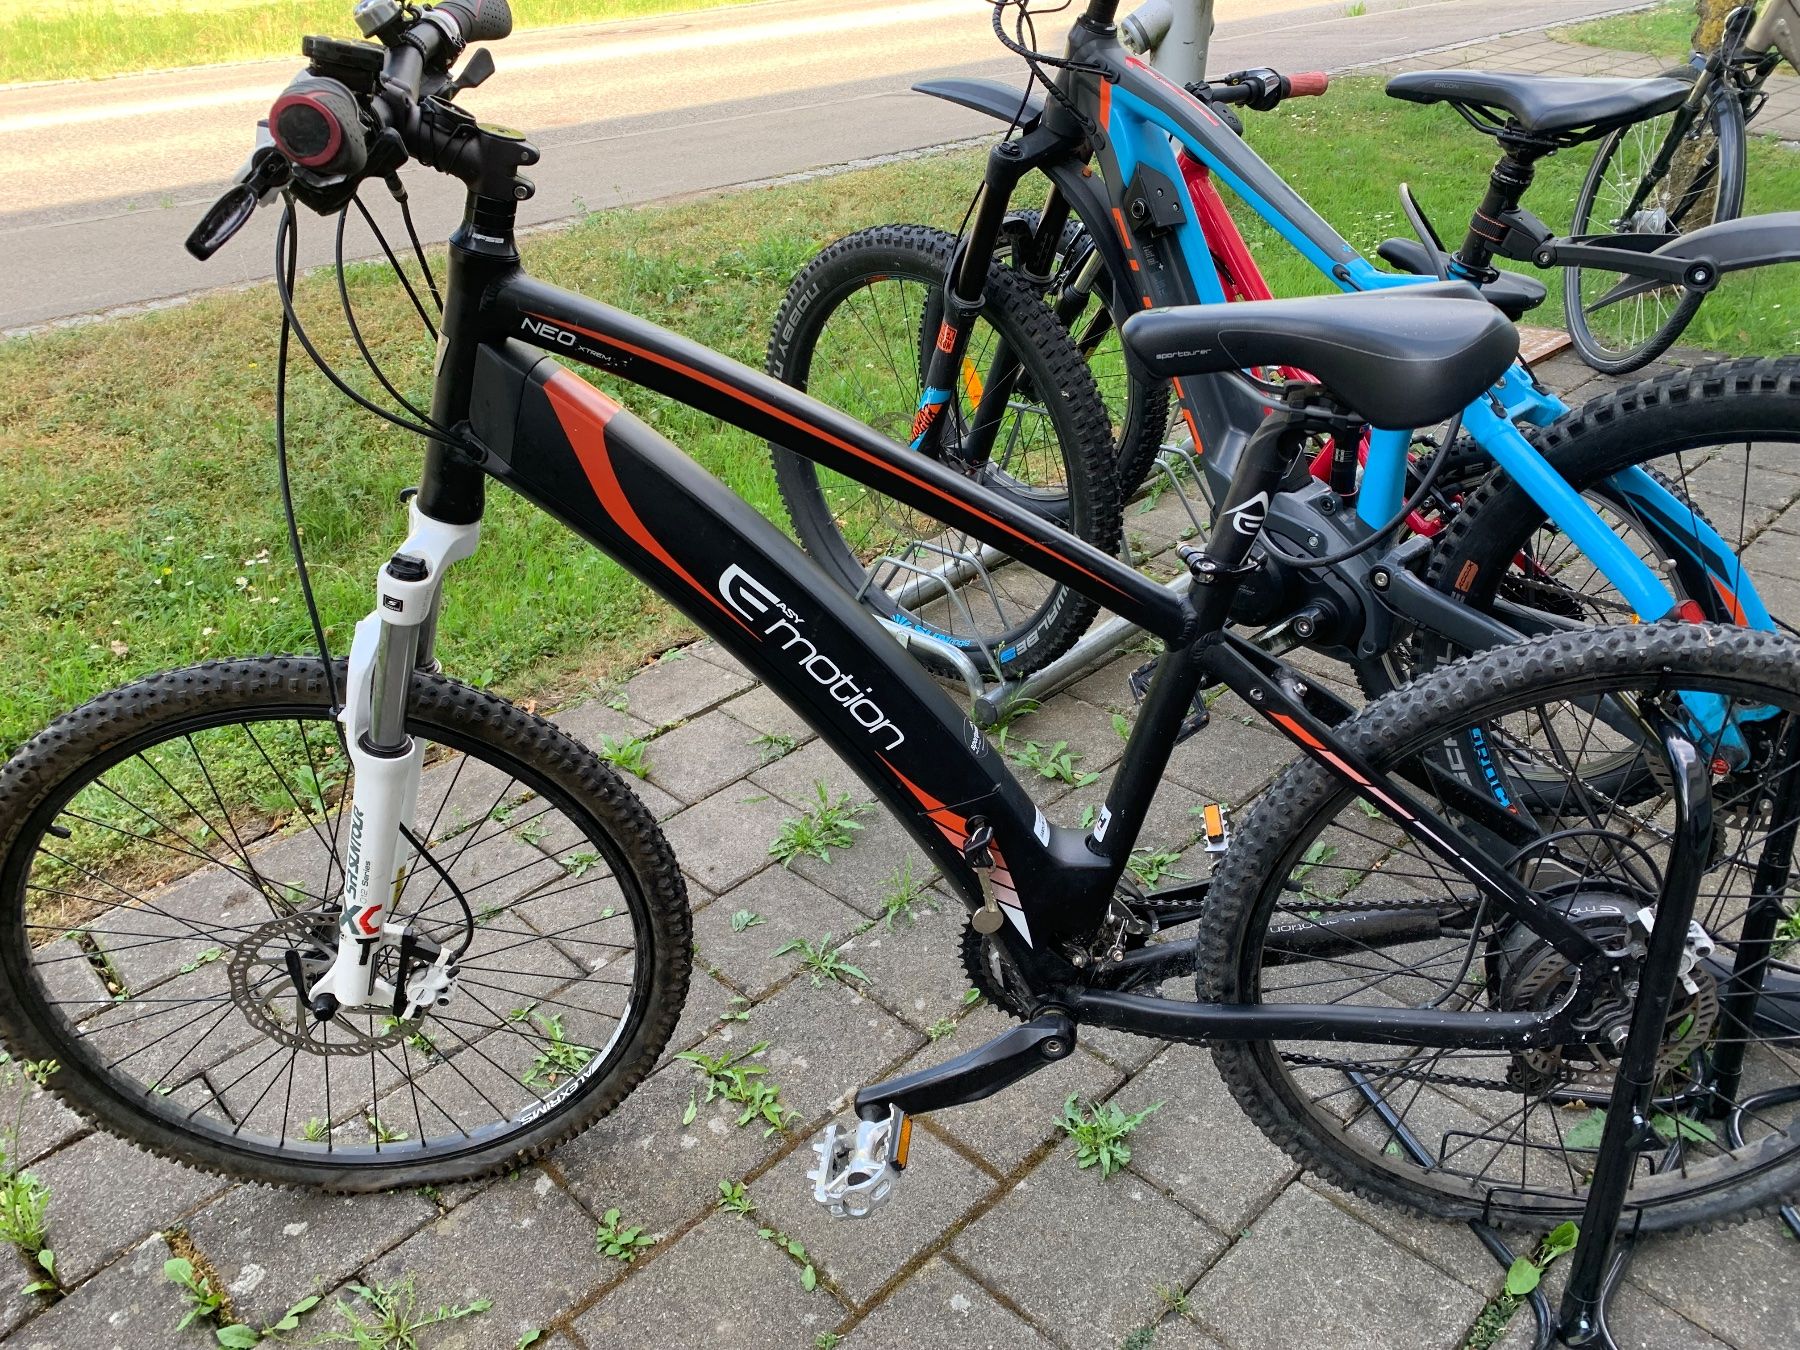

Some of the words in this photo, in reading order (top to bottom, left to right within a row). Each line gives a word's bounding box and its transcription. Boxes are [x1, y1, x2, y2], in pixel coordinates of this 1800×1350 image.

[521, 317, 576, 346] NEO
[778, 282, 821, 358] NOBBY
[1156, 349, 1212, 361] sportourer
[1015, 583, 1070, 656] WALBE
[361, 860, 371, 887] Series
[520, 1066, 595, 1126] ALEXRIMS
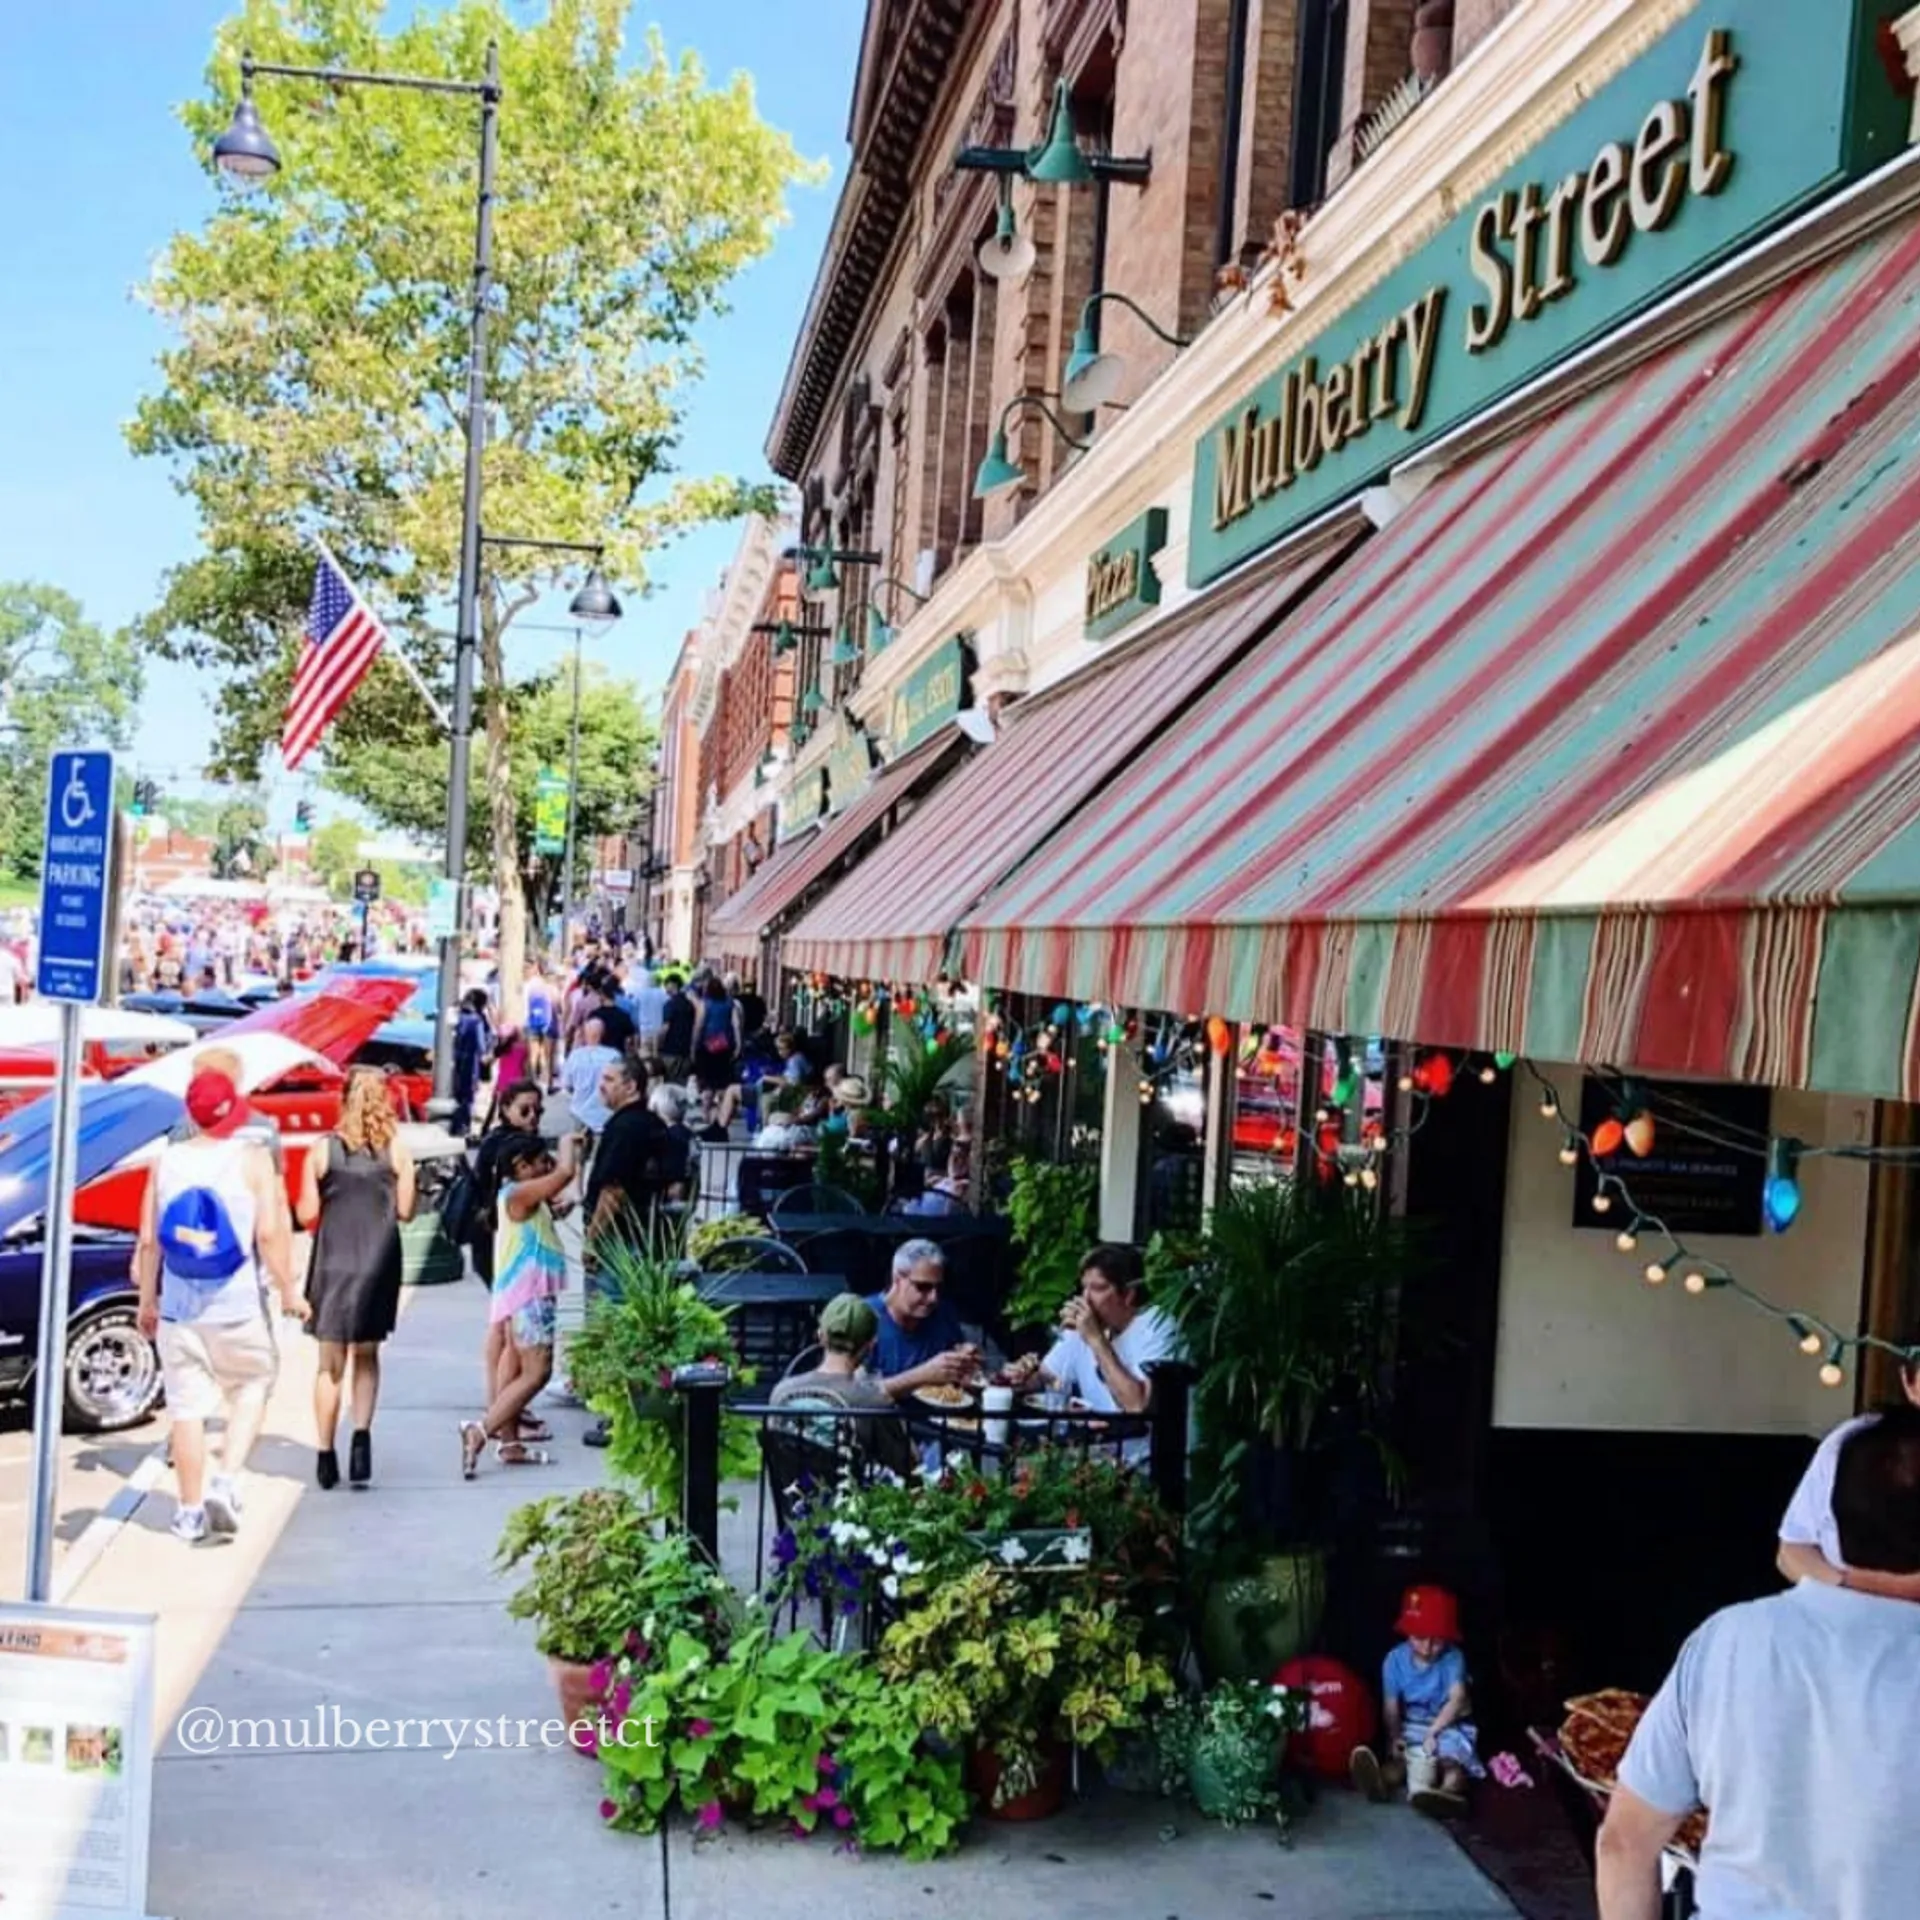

━━━━━━━━━━━━━━━━

**THE TASK**
If a picture appears in the data, omit it; transcribe all the rest exactly.

**RESPONSE FOR THIS EXERCISE**
Some of the words in this photo, in reading order (top to bottom, left to right within a row). Each line gives a word's bounding box and its transcription. Boxes are [x1, y1, x2, y2], in pixel coordinates of this 1800×1350 image.

[521, 317, 576, 346] NEO
[778, 282, 821, 358] NOBBY
[1156, 349, 1212, 361] sportourer
[1015, 583, 1070, 656] WALBE
[361, 860, 371, 887] Series
[520, 1066, 595, 1126] ALEXRIMS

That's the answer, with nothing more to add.